DIESEL MANTÉM TRAJETÓRIA DE ALTA E ACUMULA AVANÇO PERTO DE 25%, QUE JÁ SE REFLETE NA CADEIA LOGÍSTICA DO PAÍS
O preço do barril de petróleo nesta sexta-feira (27) está oscilando na faixa dos US$ 100. O Brent, referência internacional, opera cotado em torno de US$ 101,26 a US$ 103,45 para entrega no final de maio 2026, impulsionado por tensões no Oriente Médio. O petróleo WTI, referência americana, situa-se próximo a US$ 91,21 – US$ 96,92. Mas o preço do diesel no mercado brasileiro está ainda mais volátil. O preço médio dos combustíveis vendidos pelas distribuidoras aos postos de combustíveis segue em trajetória de alta nesta terceira semana de março, com destaque para o diesel, que consolida o movimento de aumento observado desde o início do mês. Dados do Instituto Brasileiro de Planejamento e Tributação (IBPT), com base em mais de 257 mil notas fiscais eletrônicas, indicam que o avanço deixou de ser pontual e passou a configurar um ciclo consistente de pressão sobre os custos energéticos no país. Na primeira semana de março, o diesel já apresentava elevação relevante, com altas médias próximas de 9%. Na segunda semana, esse movimento se intensificou, superando 19% em algumas variações. Agora, no consolidado até o dia 23, o Diesel S10 comum acumula alta média nacional de aproximadamente 24,98%, com acréscimo superior a R$ 1,25 por litro nas distribuidoras, evidenciando uma escalada contínua ao longo do mês. O comportamento reforça que o aumento não está mais associado a eventos pontuais, mas a uma recomposição estrutural de preços no setor.

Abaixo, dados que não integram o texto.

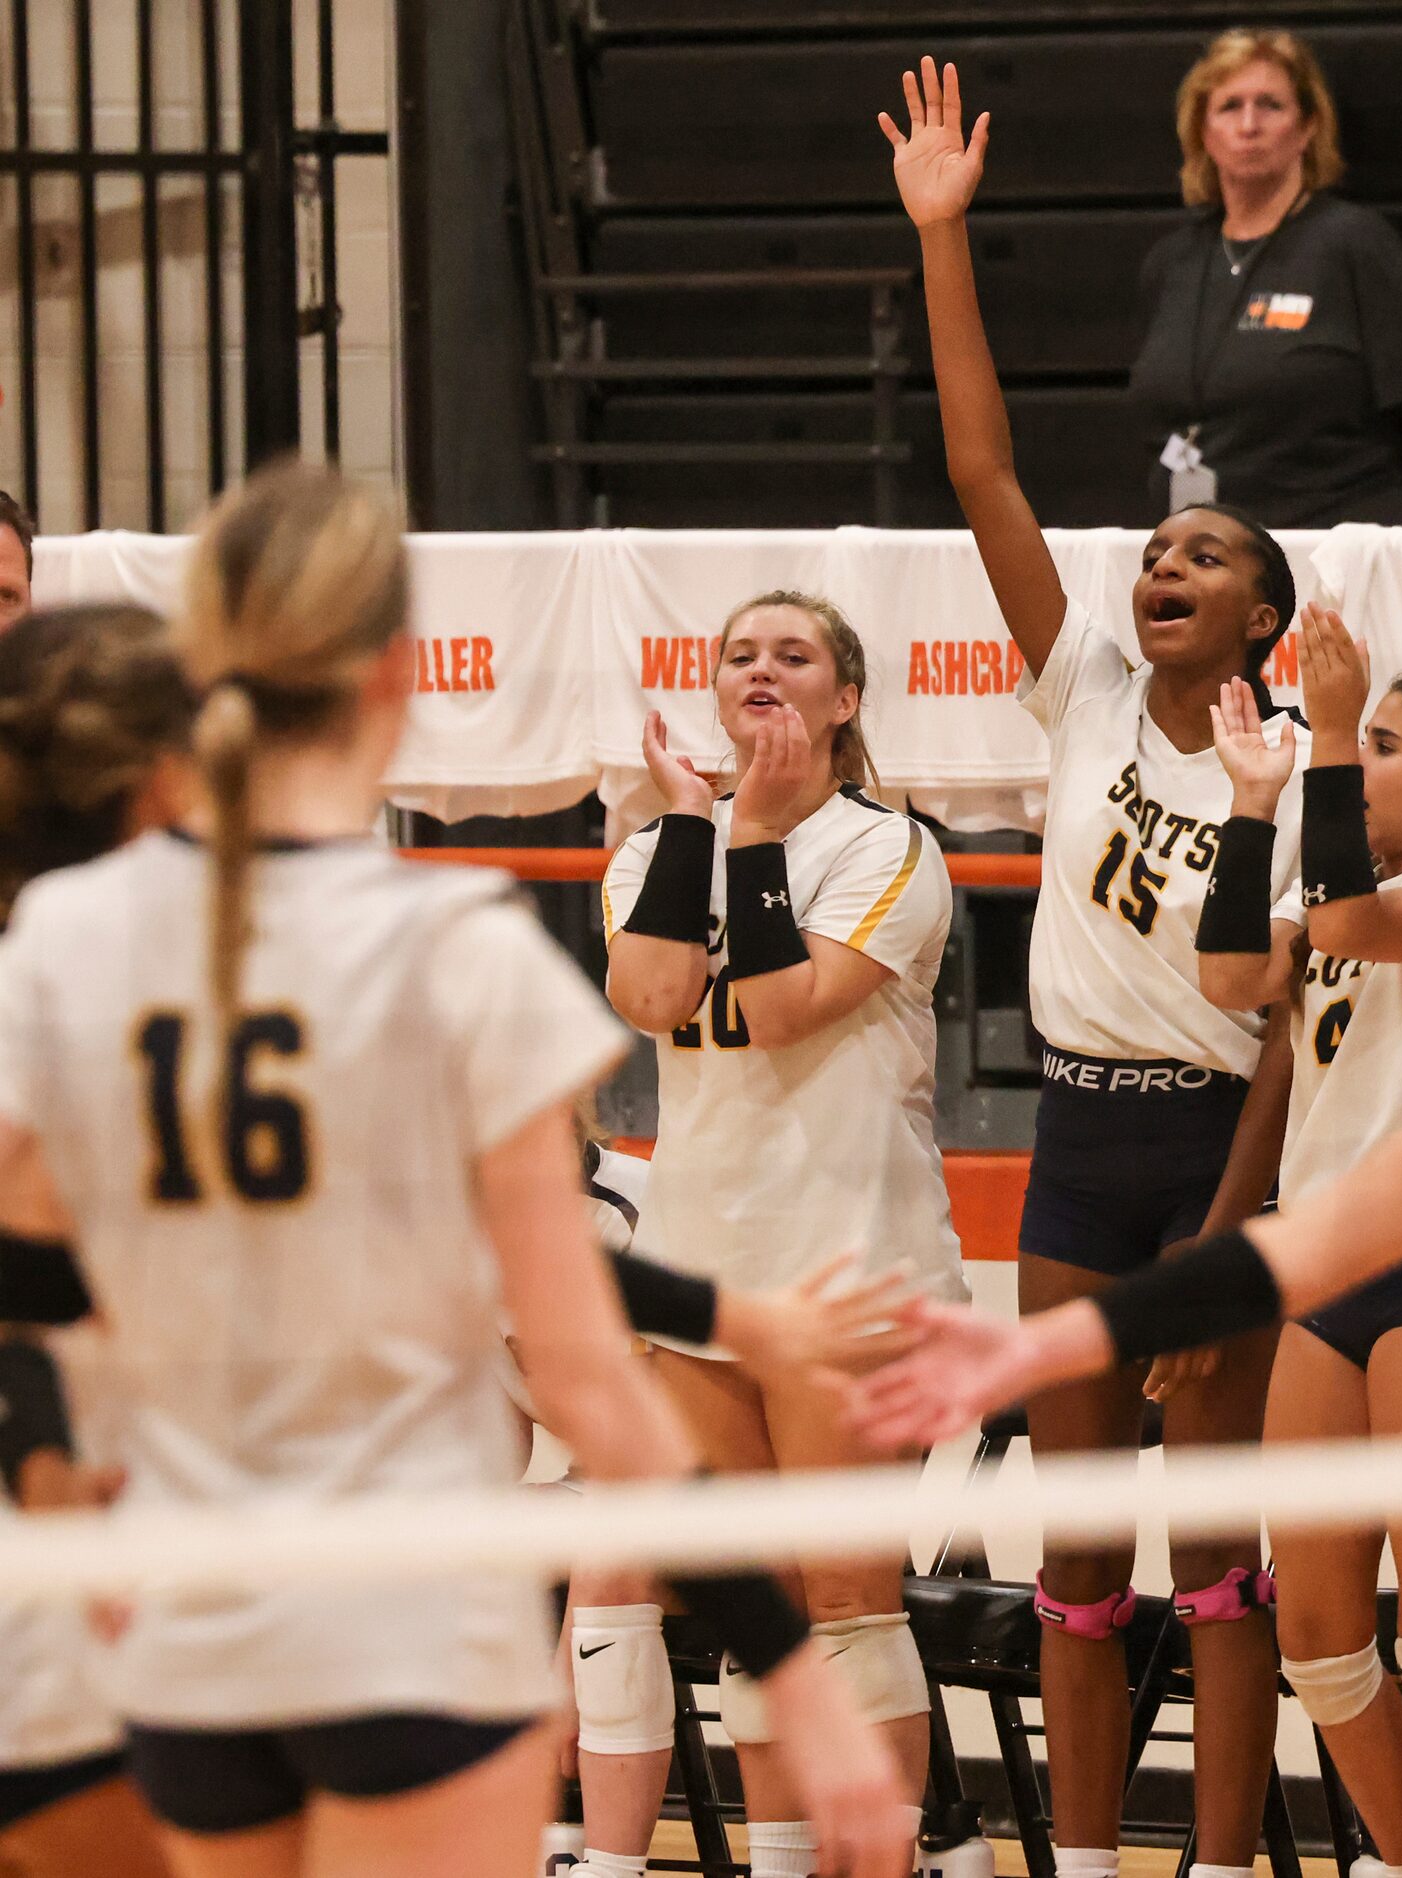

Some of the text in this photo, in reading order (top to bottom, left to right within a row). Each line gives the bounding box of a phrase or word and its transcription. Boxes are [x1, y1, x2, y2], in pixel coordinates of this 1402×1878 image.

Segundo Gilberto Luiz do Amaral, Coordenador de estudos e presidente do Conselho Superior do IBPT, o cenário já configura um impacto sistêmico na economia. “O
diesel se consolidou como o principal vetor de pressão inflacionária neste mês. Como ele está diretamente ligado ao transporte de cargas, qualquer variação relevante tem efeito imediato sobre toda a cadeia produtiva, impactando desde o agronegócio até o consumidor final.” A análise regional mostra que o aumento segue disseminado em todo o território nacional, com destaque para Centro-Oeste e Nordeste, que lideram as variações mais expressivas. No Centro-Oeste, o Diesel S10 comum chegou a subir mais de 30% no período, enquanto no Nordeste as altas também se aproximam desse patamar, reforçando o caráter generalizado da pressão.
Além disso, os dados indicam que o preço praticado pelas distribuidoras vem sendo rapidamente repassado aos postos. Em diversas regiões, o diesel já ultrapassou a marca de R$ 8,00 por litro no varejo ao longo do mês, evidenciando que a pressão de
custos já alcançou o consumidor final. Para o Diretor do IBPT, o comportamento do mercado indica uma dinâmica de repasse praticamente integral. “O que observamos é uma transmissão direta da alta do atacado para o varejo. Mesmo com alguma compressão de margem em determinados momentos, especialmente no diesel, o repasse ocorre porque os custos não são mais absorvíveis ao longo da cadeia.”
A gasolina também mantém trajetória de alta, embora em ritmo inferior ao diesel. Após subir cerca de 2% na primeira semana e ultrapassar 5% na segunda, o combustível registra agora avanço médio próximo de 9% no acumulado do mês, com picos superiores a 13% em regiões como o Nordeste. O movimento indica um efeito de contágio, ainda que concentrado principalmente no diesel, que segue como principal vetor de pressão. Diferentemente das semanas anteriores, quando o etanol apresentava queda ou estabilidade, o combustível também passou a registrar leve alta no consolidado do mês, com variação média de 1,39% no Brasil. Embora ainda represente o combustível com menor volatilidade, o etanol deixa de atuar como principal válvula de escape para o consumidor, reduzindo alternativas de mitigação do impacto. O levantamento do IBPT também indica que medidas como a isenção de PIS e Cofins sobre o diesel tiveram efeito limitado. O reajuste de preços ao longo da cadeia, somado à volatilidade internacional do petróleo, acabou neutralizando os impactos da desoneração. “O mercado reagiu de forma mais intensa do que as medidas de alívio fiscal. Isso mostra que o problema não está apenas na carga tributária, mas na dinâmica estrutural de formação de preços e na dependência externa do setor“, avalia Amaral.